Thursday, March 22, 2007

speechless

talk to me

you have no idea how good your voice sounds to me
with memories rushing through my head

my heart beats faster

because i feel like living
like smiling and crying

i am tingling all over

talk to me

so i can be speechless

Monday, March 12, 2007

this song speaks to me

I will choke until I swallow...
Choke this infant here before me.
What is this but my reflection?
Who am I to judge and strike you down?

But you're
Pushing and shoving me.
You still love me and you pushit on me.

Rest your trigger on my finger,
bang my head upon the fault line.
Take care not to make me enter.
'cause if I do we both may disappear.

But you're pushing me,
Shoving me.
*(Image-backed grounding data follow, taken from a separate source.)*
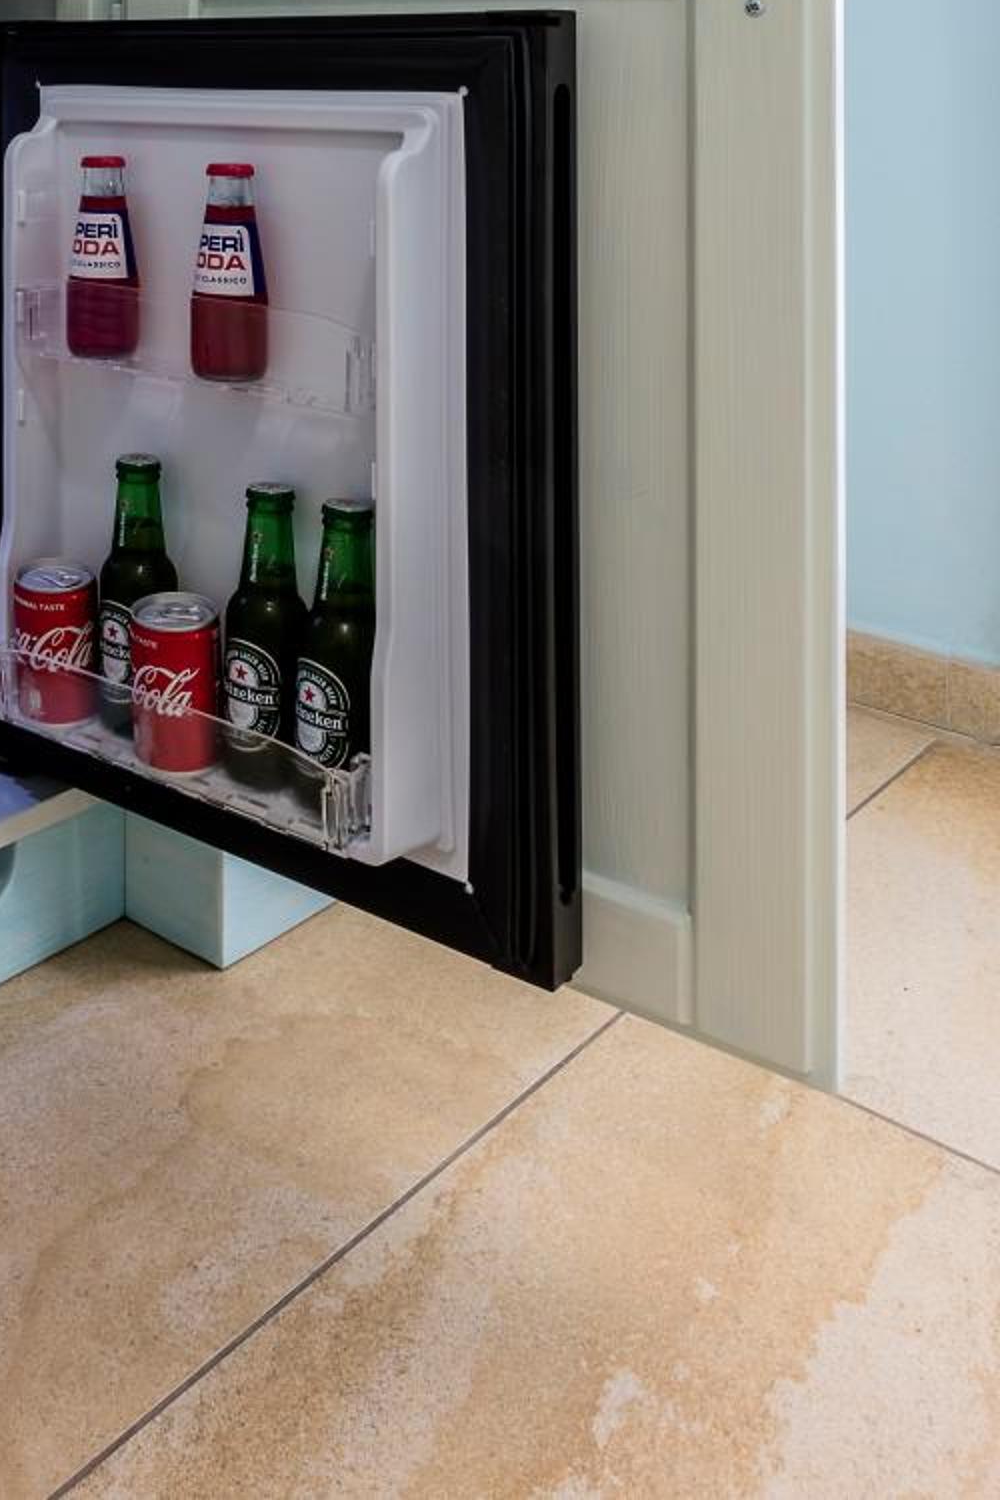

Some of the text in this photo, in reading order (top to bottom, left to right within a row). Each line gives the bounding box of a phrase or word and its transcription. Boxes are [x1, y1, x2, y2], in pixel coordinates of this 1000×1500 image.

[75, 217, 120, 239] PERÌ
[73, 240, 120, 255] ODA
[199, 229, 244, 253] PERÌ
[196, 253, 246, 270] ODA
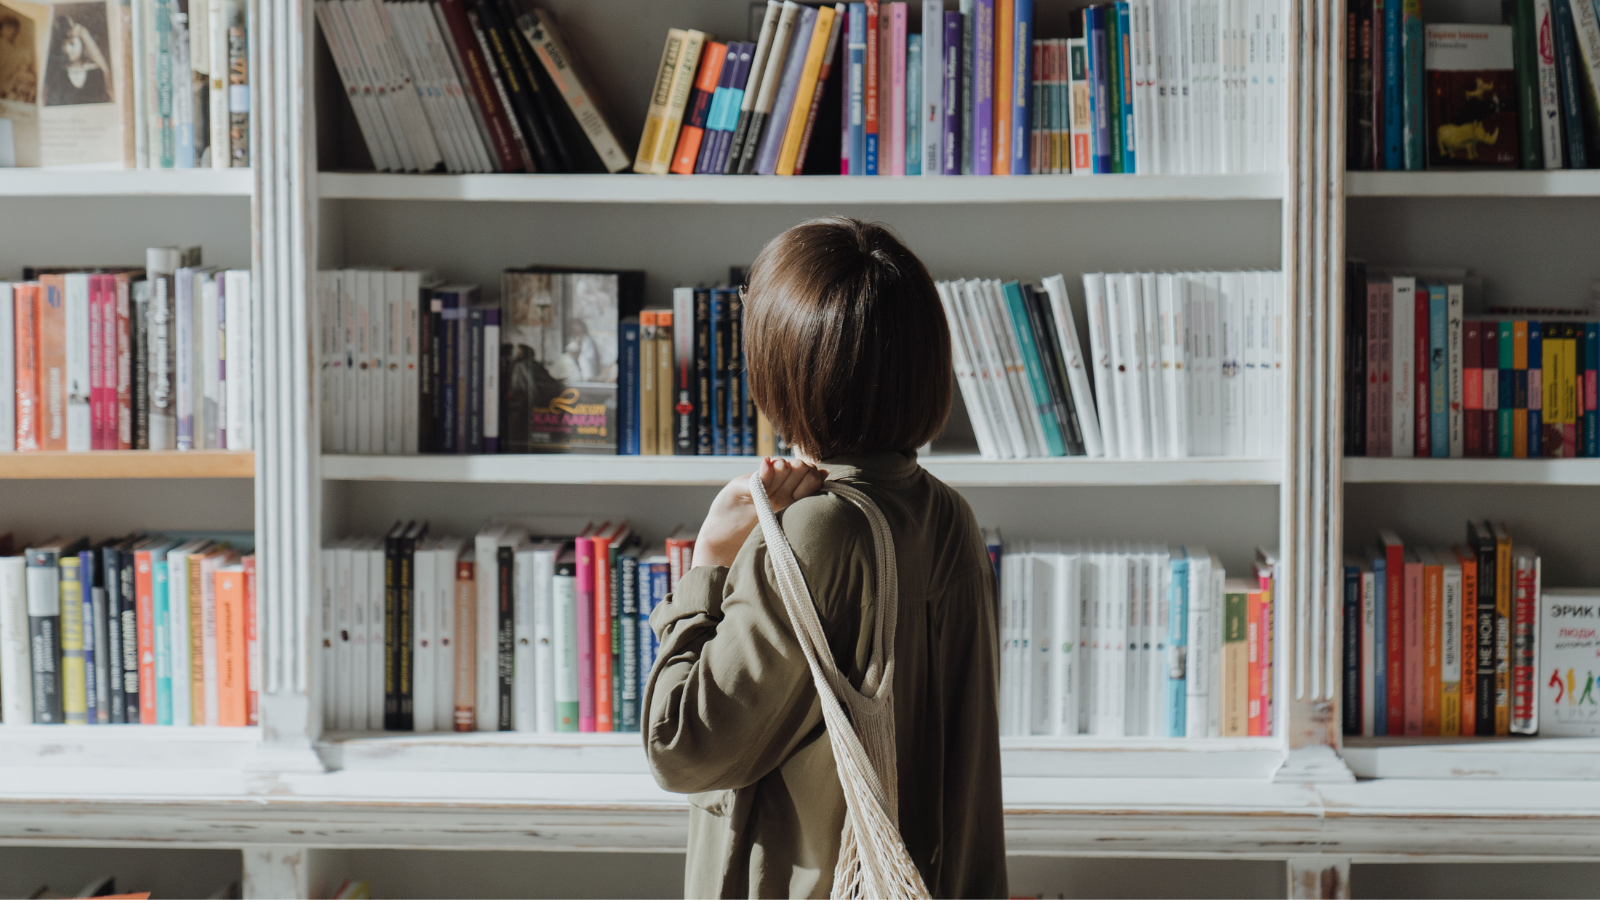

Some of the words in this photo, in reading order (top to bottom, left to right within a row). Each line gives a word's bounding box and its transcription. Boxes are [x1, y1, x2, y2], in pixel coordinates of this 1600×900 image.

Pushit on me.

Slipping back into the gap again.
I'm alive when you're touching me,
Alive when you're shoving me down.

But i'd trade it all
For just a little bit of
Piece of mind.

Put me somewhere I don't wanna be.
Seeing someplace I don't wanna see.
Never wanna see that place again.

Saw that gap again today
As you were begging me to stay.
Managed to push myself away,
And you, as well.

If, when I say I may fade like a sigh if I stay,
You minimize my movement anyway,
I must persuade you another way.

There's no love in fear.

Staring down the hole again.
Hands upon my back again.
Survival is my only friend.
Terrified of what may come.

Just remember I will always love you,
Even as I tear your fucking throat away.
But it will end no other way.

pushit - tool

Sunday, March 11, 2007

recap

today was gorgeous in just about every way, except that i had cramps and i was in a car going over bumps for 3 hours. it was a nice 56 degrees with the sun shining brightly. i have a great outlook on a lot of things right now. let me just tell you what this past week has been. i had mitchie all week, i talked to my dad and natalie, and i finally got my maryland licence which i needed to get since January. my ordeal to get that licence was ridicualous and it shows when you look at it. the funny thing is my last name is richardson-reis. hahaha! i know! that's fucking retarded.
i can't wait for a couple of interviews i got lined up this week. it seems that i have things going my way, finally. guess i wanted it bad enough, that, and the fact that i was going crazy.
yea! :)

Friday, March 09, 2007

hahaha!

Cyanide and Happiness, a daily webcomic
Cyanide & Happiness @ Explosm.net

Monday, March 05, 2007

wanting to scream is this.

i can't believe how worthless i feel. its something that i just can't shake. with everything i do, i feel that i am doing it wrong. every step i take and its in the wrong direction. i will smile and put on the facade of a happy-go-lucky girl but i am burning with a deep resentment within myself. this wasn't supposed to happen! how am i going to change everything that is wrong this time? oh just keep that smile on and remember that it can only get better from here, but that's not true. its not that i am not thankful or not blessed for what i have. i know that i am. i am just upset that life has been like this for as long as it has. wrong decisions on my part and just getting shit handed to me -- this is my life. this rant that is going nowhere but just pouring out of my heart. i feel worthless and its my fault.